God blesses the prayerful heart; the soul absolved of daily wrongs will experience the reality of the Lord.
Prayer is for the sake of healing. We’re not healed because we do not pray.
© 2015 Steve Wickham.

Monday, October 26, 2015

The Spirit of Conquest or Cooperation

CORINTHIANS 13, the very first book, holds the holy spiritual gifts of the Lord on either sides, i.e. chapters 12 and 14. The spiritual gifts — which are given and need only be claimed — are not from ourselves, lest we boast. They are from God for the Kingdom’s use, and not for our own gain at all.
What sets apart our appropriate use of the gifting we’ve been given? L O V E, love.
We’re given to a spirit of conquest or of cooperation.
If we ply our gifts in a loving way we behave in a spirit of cooperation: others come first. Others always come first. Love looks outwardly.
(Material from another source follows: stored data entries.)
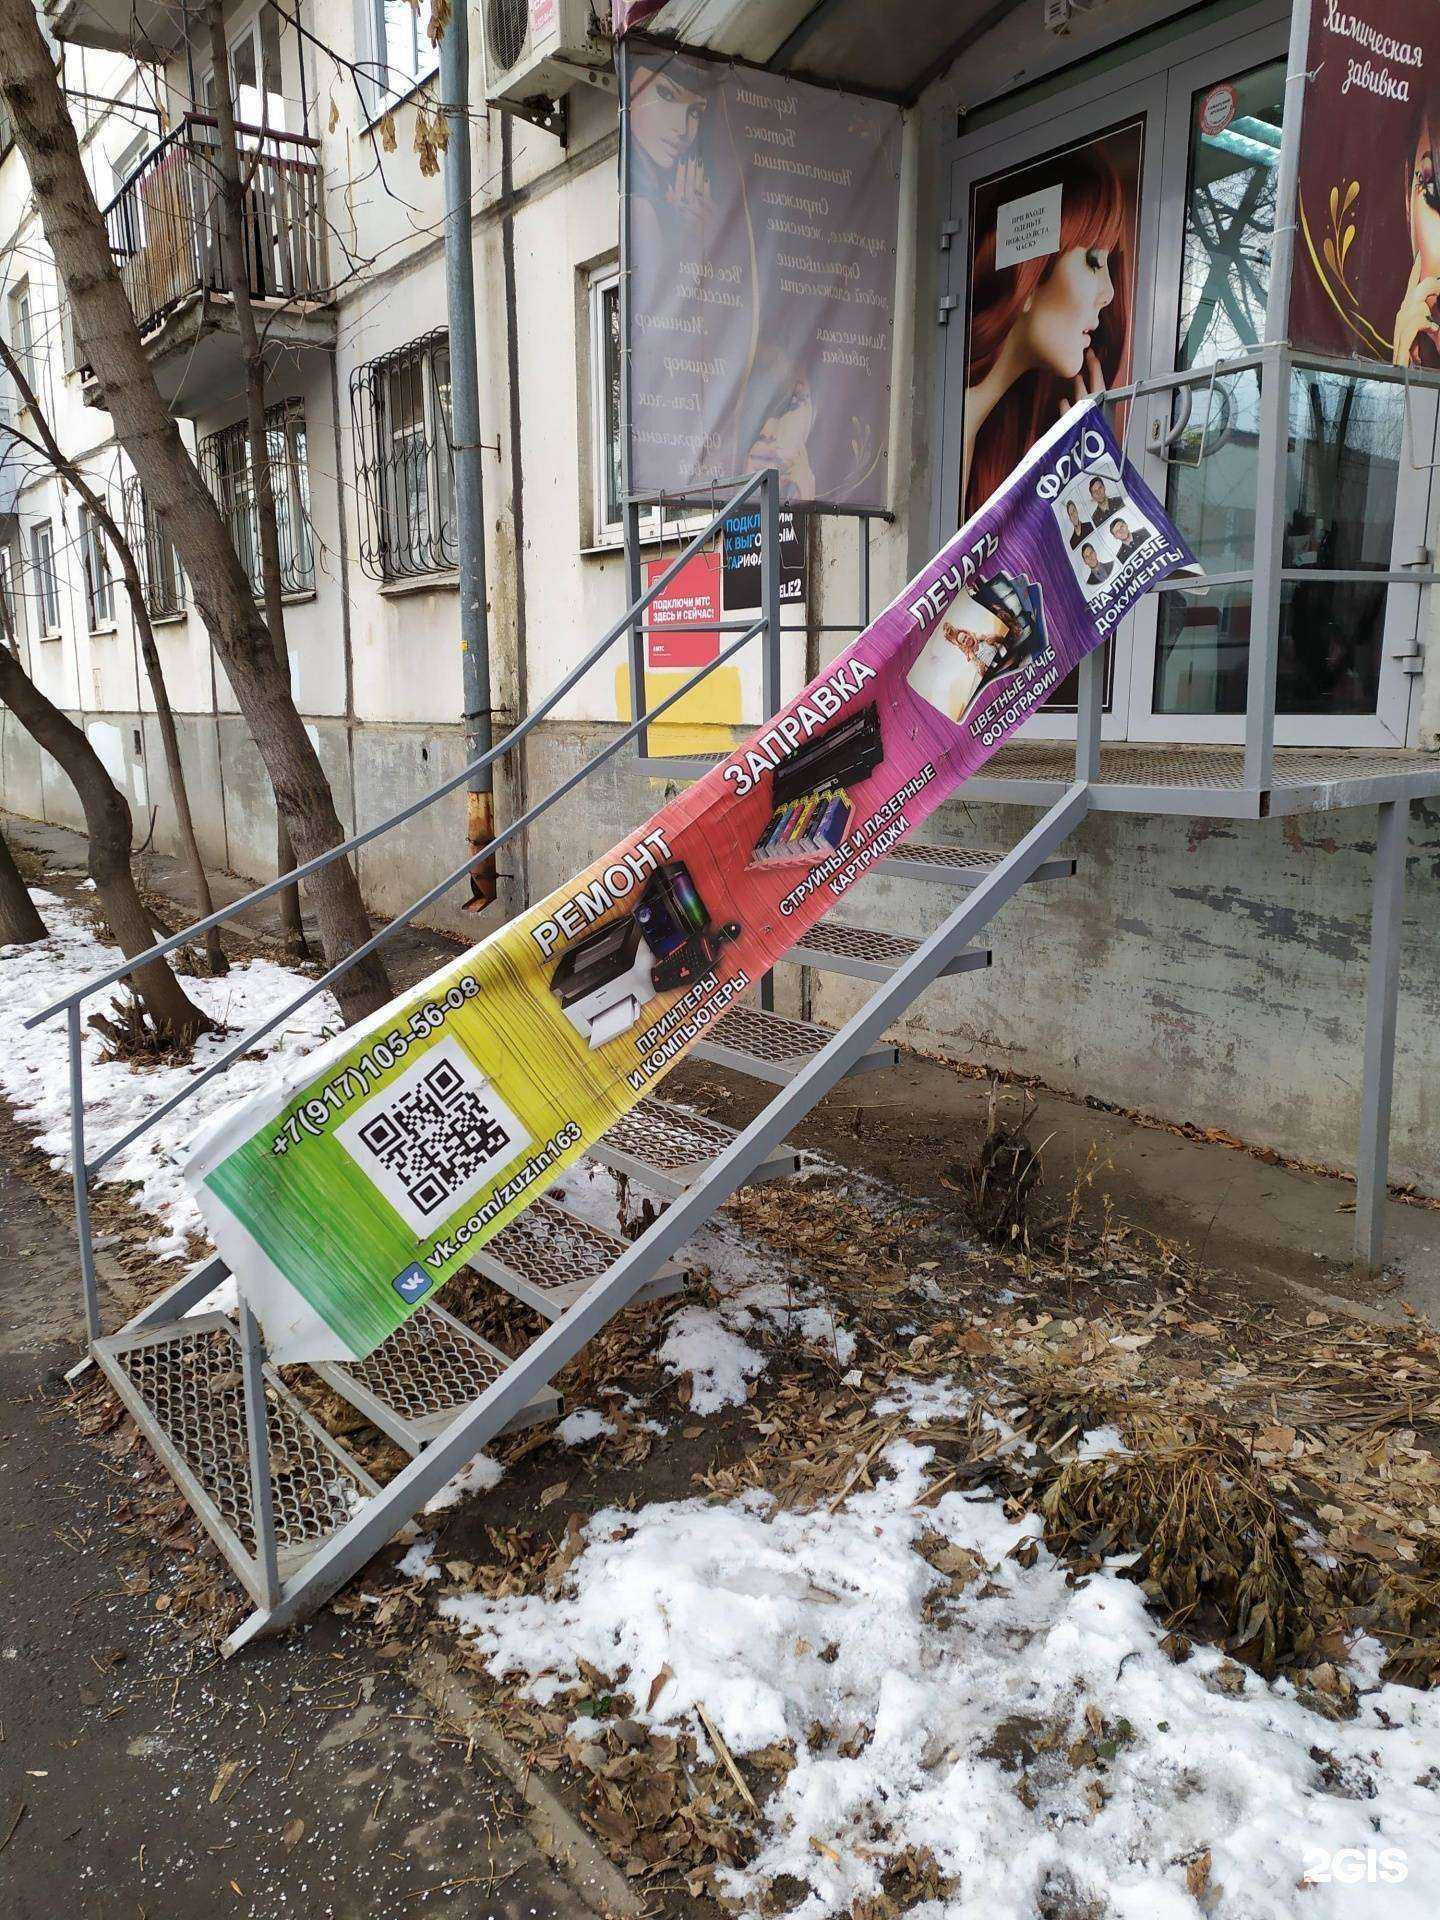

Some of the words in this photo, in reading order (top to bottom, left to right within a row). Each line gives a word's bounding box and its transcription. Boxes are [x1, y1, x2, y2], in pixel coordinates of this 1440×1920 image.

[1323, 0, 1423, 67] Химическая
[1342, 58, 1410, 102] завивка
[653, 598, 693, 611] ПОДКЛЮЧИ
[694, 596, 711, 606] МТС
[653, 610, 676, 623] ЗДЕСЬ
[677, 610, 682, 619] И
[683, 606, 715, 620] СЕЙЧАС!
[779, 578, 802, 598] ELE2
[907, 532, 999, 632] ПЕЧАТЬ
[1089, 592, 1113, 617] НА
[1112, 534, 1170, 594] ЛЮБЫЕ
[1094, 547, 1184, 635] ДОКУМЕНТЫ
[723, 657, 877, 797] ЗАПРАВКА
[968, 678, 1026, 738] ЦВЕТНЫЕ
[1035, 645, 1057, 667] Ч/Б
[981, 666, 1060, 747] ФОТОГРАФИИ
[778, 842, 854, 918] СТРУЙНЫЕ
[851, 829, 865, 847] И
[865, 762, 937, 838] ЛАЗЕРНЫЕ
[828, 814, 911, 896] КАРТРИДЖИ
[531, 827, 673, 958] РЕМОНТ
[626, 1069, 645, 1091] И
[641, 969, 751, 1077] КОМПЬЮТЕРЫ
[635, 970, 720, 1056] ПРИНТЕРЫ
[272, 976, 481, 1155] +7(917)105-56-08
[425, 1121, 583, 1269] vk.com/zuzin163
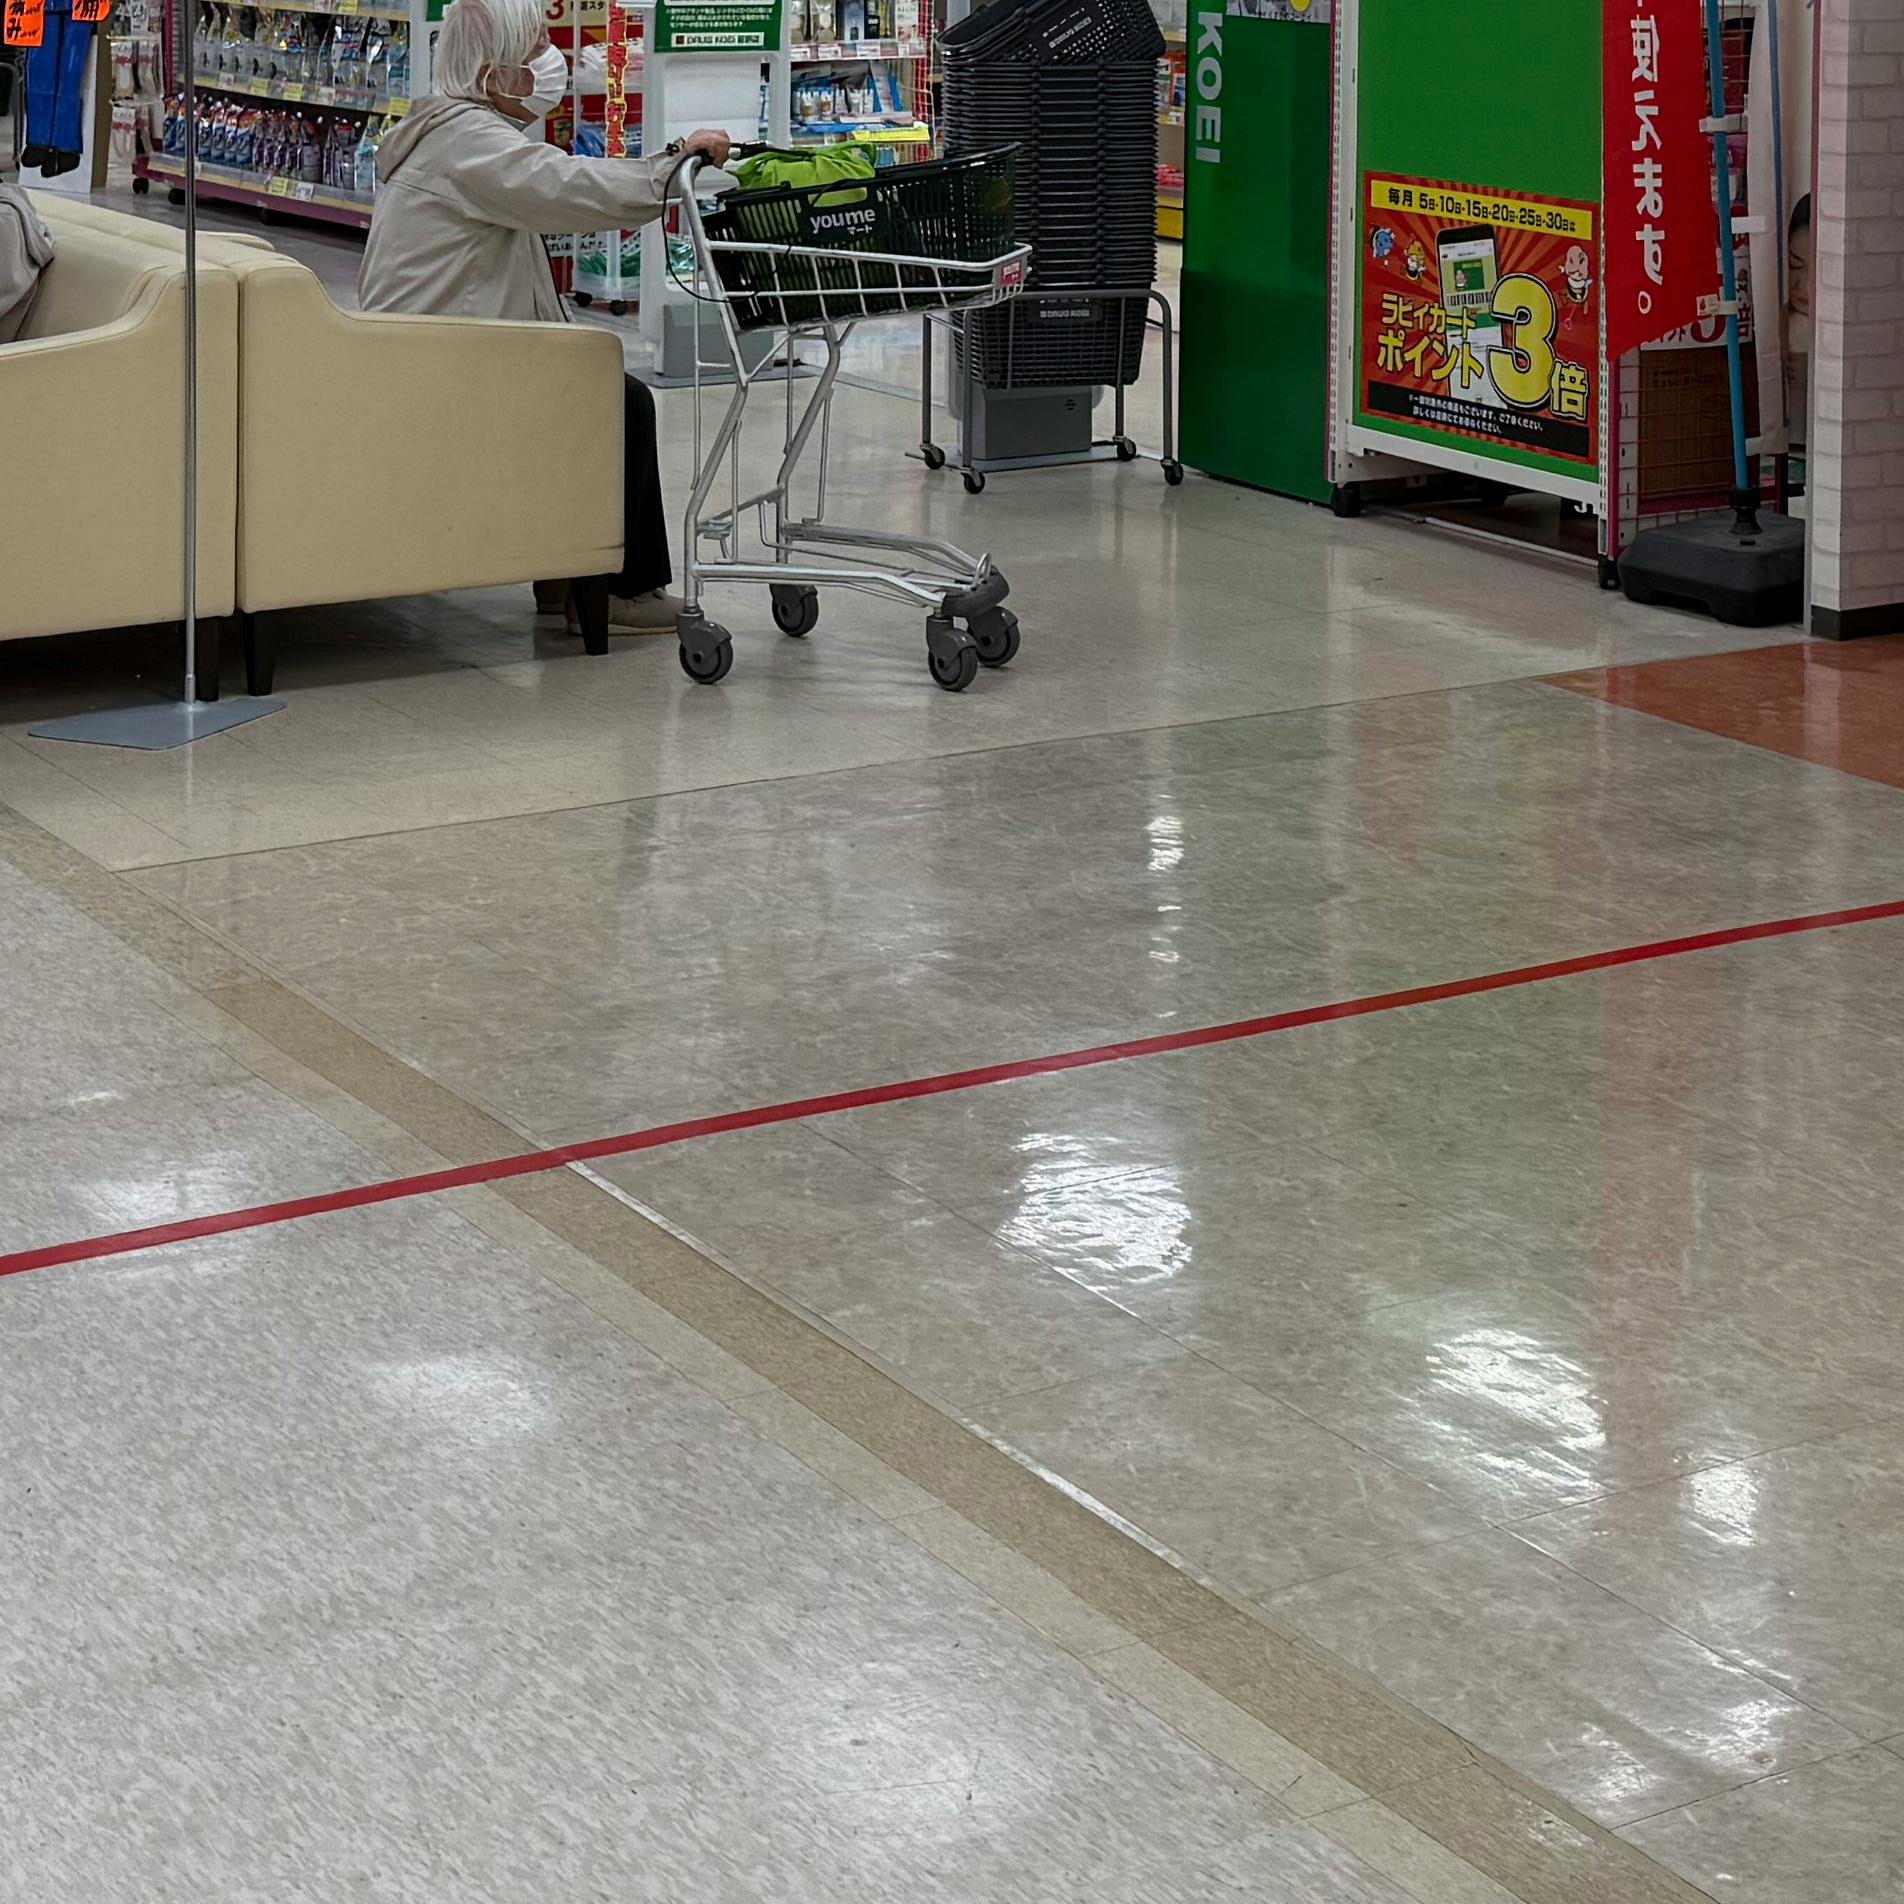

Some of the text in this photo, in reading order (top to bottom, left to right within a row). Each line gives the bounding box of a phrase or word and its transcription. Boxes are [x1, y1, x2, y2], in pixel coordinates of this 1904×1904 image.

But if we don’t practice our gifts that way we pursue the unworthy ideal: conquest: the building and making of a kingdom of our own choosing and design. Such a kingdom is not built in God’s name, it has no Kingdom purpose, and that kingdom will be built in vain, and may well come ultimately to fall into ruin. (Although, it’s fascinating how things not honouring to God can still often be instruments for his glory.)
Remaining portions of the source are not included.